In 2007, Armstrong acquired the North Fork unit, a Cook Inlet natural gas field in the southern Kenai Peninsula discovered in the 1960s but never developed. After assembling a joint venture of small independent companies and building a pipeline, Armstrong brought the unit into sustained production and later sold it to Cook Inlet Energy LLC.
As Armstrong was developing North Fork, the company was also amassing a new North Slope position through an affiliate called 70 & 148 LLC - named, optimistically (and now, given its potential discoveries, a tad prophetically, too), after the coordinates of the Prudhoe Bay field. Armstrong brought the Spanish major Repsol YPF to Alaska in March 2011. Repsol acquired a 70 percent interest in 494,211 acres across the North Slope and planned to spend around $768 million, with the vast majority going toward exploration.
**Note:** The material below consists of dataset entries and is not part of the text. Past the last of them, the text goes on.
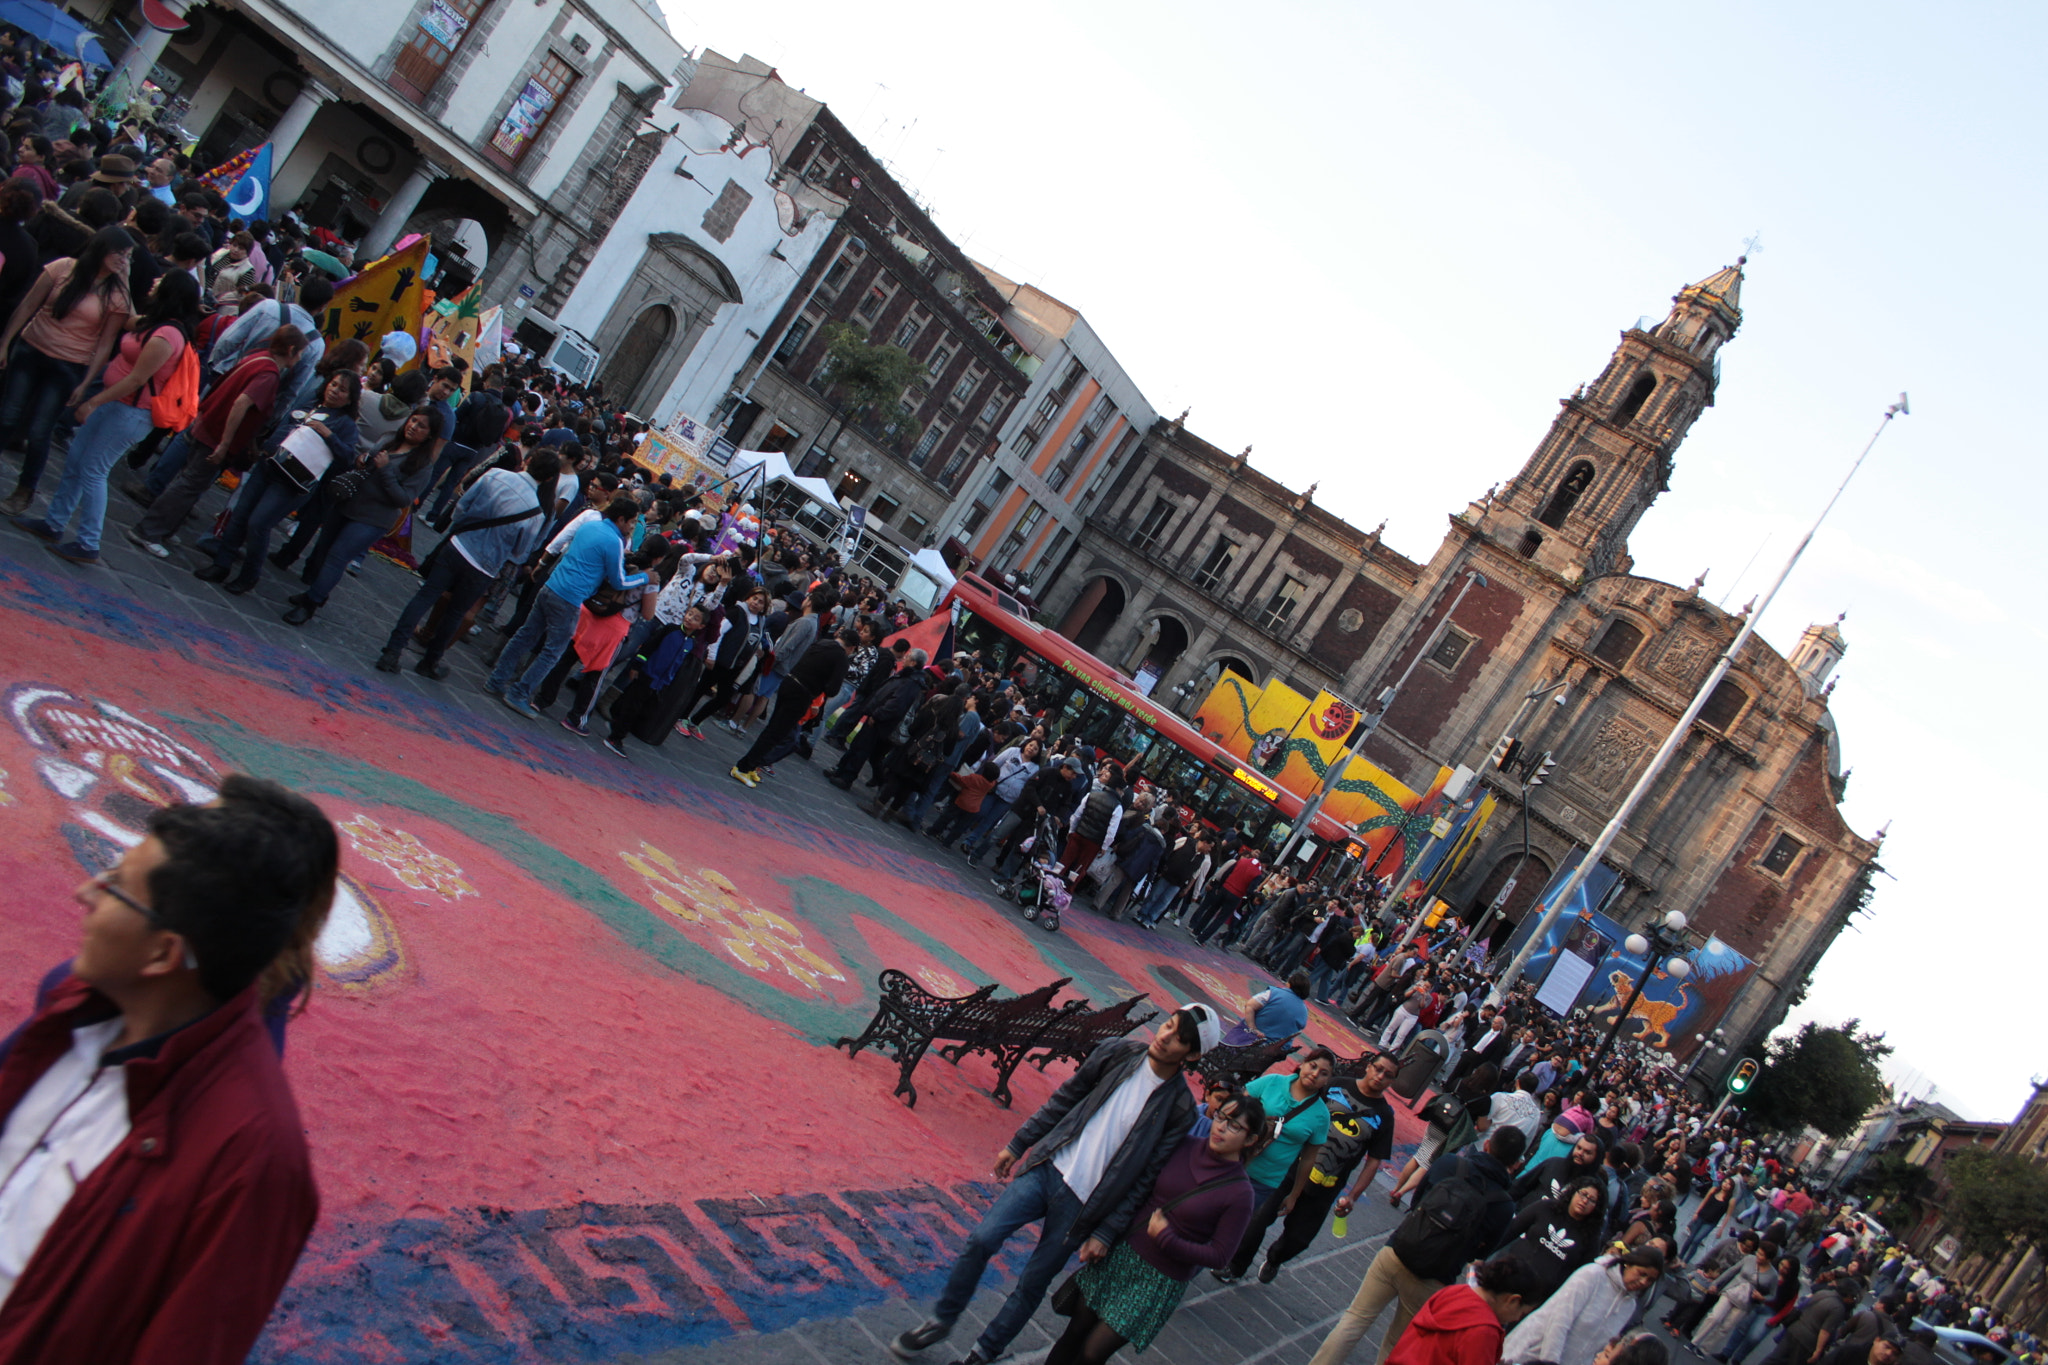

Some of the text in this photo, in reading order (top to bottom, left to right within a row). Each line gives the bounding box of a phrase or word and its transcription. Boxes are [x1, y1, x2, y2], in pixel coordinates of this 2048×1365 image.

[1062, 660, 1077, 673] Por
[1076, 671, 1092, 683] una
[1091, 679, 1121, 701] ciudad
[1136, 708, 1158, 726] verde
[1539, 1236, 1567, 1261] adidas
The program was the most extensive campaign on the North Slope over the past five years - 16 wells or sidetracks, two 3-D seismic surveys and the formation of the offshore Qugruk unit and the Pikka unit along the Colville River Delta. In November 2014, as preliminary results of the program were becoming clear, Armstrong Vice President Ed Kerr said, “In 10 or 15 years people will talk about Repsol the same way they talk about BP and ConocoPhillips today, in terms of … contributing to Alaska’s economy.”
In mid-2015, the partners provided more detailed results for the first time. According to Armstrong, two wells from in 2015 and two wells from previous seasons targeted the “East Alpine” field and “encountered oil productive Alpine sand in excess of 95 feet thick at a depth of 6,500 feet with porosities ranging from 15 percent to 25 percent. Well control and seismic data indicates the oil pool covers an area in excess of 15,000 acres.”
Another seven wells in the “Nanushuk reservoir” had “proven an oil pool that covers more than 25,000 acres, at a depth of 4,100 feet, with an oil column of 650-plus feet, and up to 150 feet of net pay with an average porosity of 22 percent.” While the companies said they needed more wells to “confirm the ultimate size of some discoveries, this season’s results justify moving forward with development,” according to Armstrong, which said the companies were permitting developments in the Nanushuk and Alpine.
Accelerating development By the time Repsol announced the sale, it was already permitting a fifth season.
In fact, on the same day as the announcement, the Alaska Department of Natural Resources began taking comments on a two-to-three-well drilling program Repsol was permitting in the Pikka unit region for this coming winter. Instead, the companies deferred those plans, while suggesting they would pursue development in the future.
According to Armstrong, even with the deferment, permitting will continue on a three-pad development with estimated production on the order of 120,000 barrels per day.
The current plan of exploration for the Pikka unit calls for Repsol - presumably through Armstrong - to license and reprocess the existing North Island 3-D seismic survey, conducting rock physics studies and performing stratigraphic analysis and special core analysis on the three exploration wells that Repsol drilled at the unit in early 2015.
In February 2016, Armstrong President Bill Armstrong told Petroleum News that the partners would accelerate development of their Pikka unit, with production by 2021. An early description calls for three gravel pads with standalone processing facilities and as many as 76 production and injection wells, in addition to associated infrastructure.